企業はこれまで「働き方改革」や「人材確保」などを目的として、在宅勤務を核とするテレワークを取り入れてきましたが、今回の新型コロナウイルス感染症の流行を契機に、さらに多くの企業が導入することを余儀なくされました。

その一方で、十分な準備時間がなかったこともあり、新しい制度を実際に運用した結果、いくつかの課題が見つかっています。今回は、テレワークにおける雇用形態の在り方について考えます。

1.テレワークの課題はジョブ型雇用で解決できるのか

テレワーク、特に在宅勤務を広く取り入れる中で、上司側からは「部下の仕事ぶりが見えないので、的確な業績評価ができない」という声があがり、また部下側からは「お互いの仕事の進捗状況が分からないので、チームとしての連携がやりにくい」などの課題が聞こえます。

これに対して、雇用形態を従来のメンバーシップ型からジョブ型に移行することで、課題解決を図ろうとする動きがみられます。

(1)メンバーシップ型雇用とジョブ型雇用

メンバーシップ型雇用は、これまで多くの日本企業が採用してきた雇用形態で、通常、終身雇用制度とセットで運用されています。そしてメンバーシップ型雇用は、文字通り、会社のメンバーになるという意味合いを持ち、ジョブローテーションによってさまざまな部署を経験しながら、ゼネラリストとして成長することを目指しています。

一方、ジョブ型雇用は、自分が何をするかという職務や労働時間・勤務地などを明文化したジョブディスクリプション(職務定義書)が前提となっており、「これは自分の仕事、そしてそれは同僚の仕事」と明確に線引きがなされています。

ジョブ型雇用では、ジョブディスクリプションで定められた職務を遂行できる人を採用する仕組みですから、個人のスキルや能力が重要視され、年齢や勤続年数は関係ありません。
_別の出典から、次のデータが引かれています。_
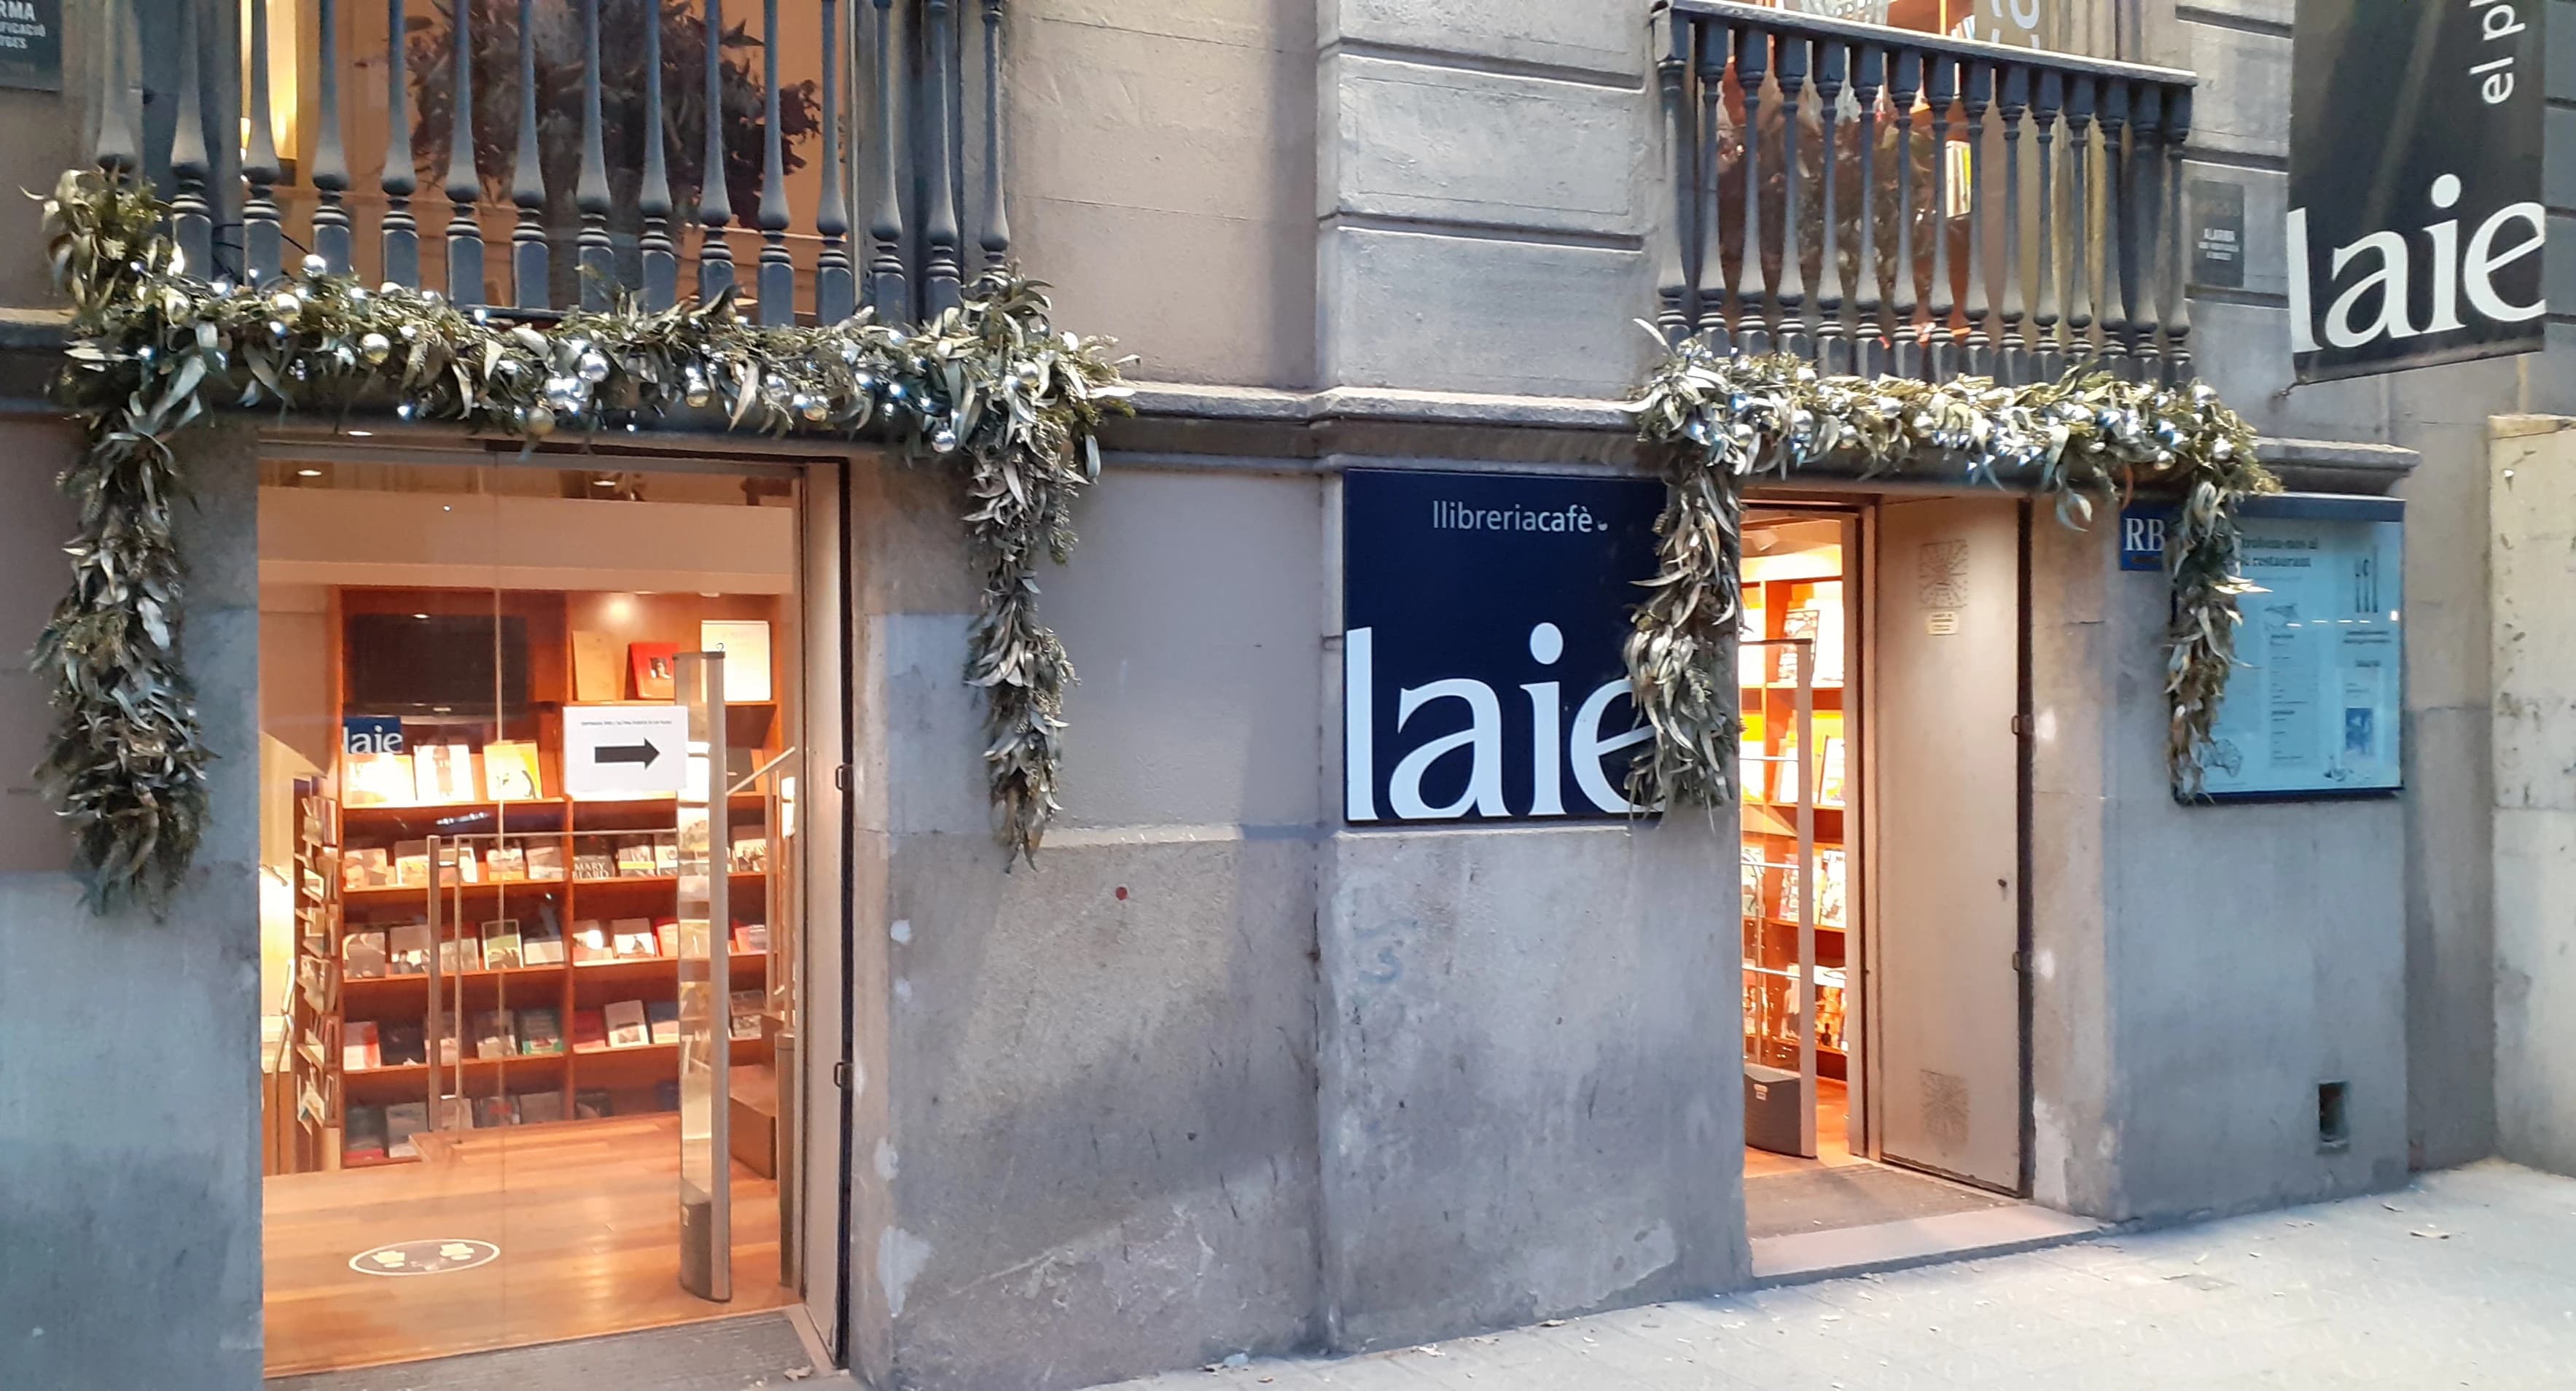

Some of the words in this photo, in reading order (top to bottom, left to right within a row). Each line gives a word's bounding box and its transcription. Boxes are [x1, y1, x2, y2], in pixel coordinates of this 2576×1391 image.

[0, 1, 36, 21] RMA
[2469, 57, 2514, 104] el
[2287, 173, 2546, 353] laie
[2125, 518, 2166, 551] RB
[343, 725, 403, 755] laie
[1346, 622, 1666, 821] laie
(2)メンバーシップ型雇用のもとでのテレワークの課題

やるべき業務がチームなどの組織に割り振られるメンバーシップ型(写真:写真AC)

日本企業では、やるべき業務がチームなどの組織に割り振られ、上司が、そのときの状況に応じて仕事を割り振る形をとります。
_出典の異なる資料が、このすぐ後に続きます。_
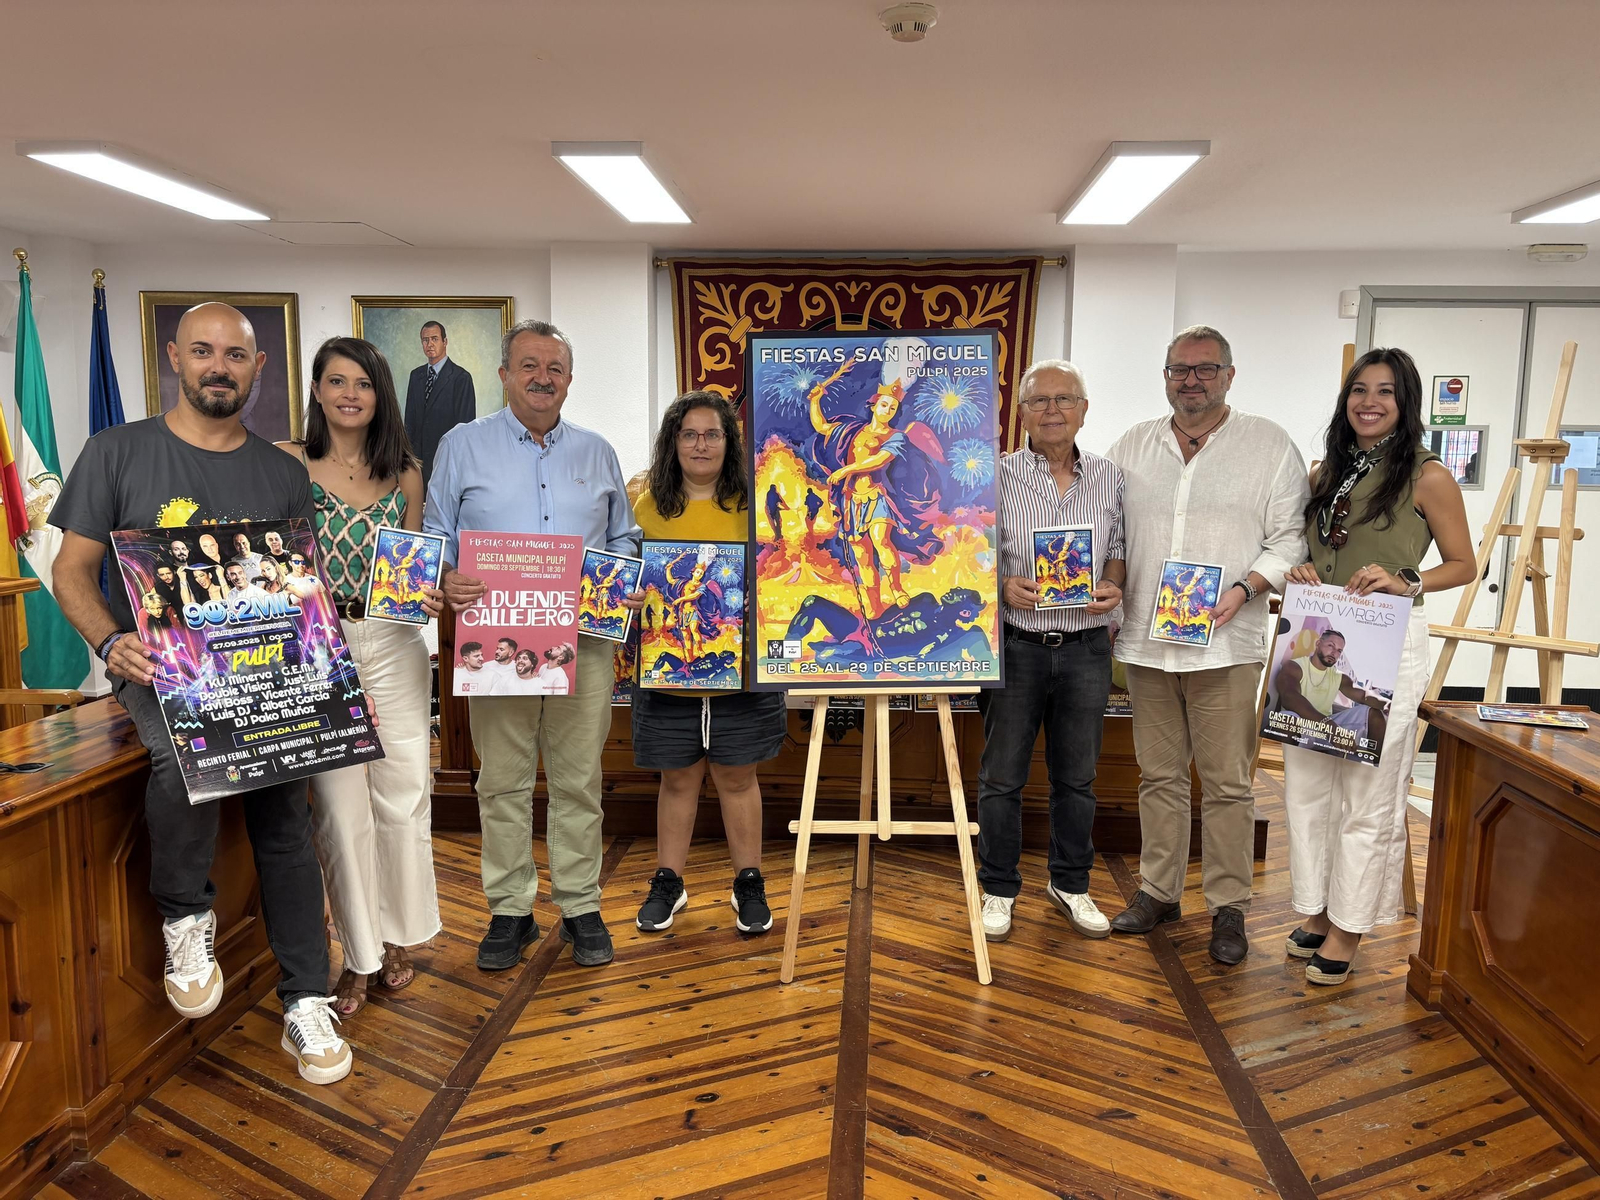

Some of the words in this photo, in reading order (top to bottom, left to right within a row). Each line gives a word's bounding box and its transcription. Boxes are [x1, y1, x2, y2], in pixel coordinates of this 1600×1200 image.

[760, 347, 846, 363] FIESTAS
[854, 347, 899, 362] SAN
[907, 345, 989, 361] MIGUEL
[954, 366, 988, 377] 2025
[469, 538, 503, 548] FIESTAS
[506, 539, 523, 548] SAN
[525, 540, 556, 549] MIGUEL
[646, 546, 682, 554] FIESTAS
[476, 552, 504, 563] CASETA
[505, 554, 544, 564] MUNICIPAL
[546, 553, 566, 565] PULPÍ
[509, 564, 540, 572] SEPTIEMBRE
[491, 590, 576, 608] DUENDE
[1303, 589, 1331, 600] FIESTAS
[1332, 594, 1347, 603] SAN
[461, 608, 575, 627] CALLEJERO
[1295, 597, 1334, 615] NYNO
[1336, 604, 1396, 626] VARGAS
[212, 637, 261, 650] 27.09.2025
[268, 632, 294, 641] 00:30
[232, 639, 285, 673] PULPÍ
[209, 677, 226, 689] KU
[228, 670, 273, 686] Minerva
[281, 663, 314, 677] G.E.M.
[766, 662, 796, 675] DEL
[799, 662, 818, 674] 25
[824, 662, 844, 673] AL
[849, 661, 868, 673] 29
[873, 661, 893, 673] DE
[898, 661, 992, 673] SEPTIEMBRE
[199, 686, 240, 701] Double
[241, 680, 275, 694] Vision
[283, 675, 306, 687] Just
[307, 671, 329, 682] Luis
[199, 699, 222, 713] Javi
[225, 695, 254, 708] Boss
[261, 686, 302, 701] Vicente
[303, 680, 334, 693] Ferrer
[210, 708, 236, 721] Luis
[238, 704, 251, 716] DJ
[260, 699, 294, 712] Albert
[234, 715, 249, 728] DJ
[251, 711, 280, 725] Pako
[281, 704, 317, 719] Muñoz
[243, 725, 292, 742] ENTRADA
[293, 720, 321, 733] LIBRE
[1268, 710, 1295, 725] CASETA
[1296, 717, 1334, 735] MUNICIPAL
[1335, 727, 1358, 740] PULPÍ
[1269, 720, 1289, 731] VIERNES
[1289, 725, 1297, 733] 26
[1297, 727, 1328, 741] SEPTIEMBRE
[1333, 736, 1348, 746] 23:00
[197, 754, 228, 769] RECINTO
[228, 749, 252, 763] FERIAL
[258, 743, 281, 755] CARPA
[281, 736, 315, 751] MUNICIPAL
[320, 728, 338, 741] PULPÍ
これは、職場においてすべてのメンバーが時間と空間を共有し、自分が所属する組織に割り振られた業務の進行状況をお互いに理解しているから可能となる仕組みです。メンバーシップ型雇用では、職務が限定されていないことから、上司の命令で忙しい同僚の応援に入るという臨機応変な働き方も可能です。

個人のスキルが重視され、それぞれが異なる場所と時間に勤務するジョブ型(写真:写真AC)
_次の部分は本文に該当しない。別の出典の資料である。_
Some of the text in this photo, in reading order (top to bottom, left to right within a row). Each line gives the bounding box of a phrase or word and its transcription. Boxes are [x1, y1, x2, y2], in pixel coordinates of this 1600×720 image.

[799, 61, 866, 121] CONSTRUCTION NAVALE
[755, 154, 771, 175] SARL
しかしテレワークの場合、メンバーがそれぞれ自宅やサテライトオフィスなど異なる場所で業務を進めており、しかも必ずしも同時に仕事をしているとは限りませんので、メンバーシップ型雇用の特徴ともいえる状況に応じたフレキシブルな対応が難しくなります。

また、上司の立場で考えると、テレワークでは「勤務態度」や「ふるまい」という定性的な評価が難しくなりますから、主に仕事の成果だけで評価することが求められます。しかしメンバーシップ型雇用では、職務が明確になっていないため、その評価が難しくなります。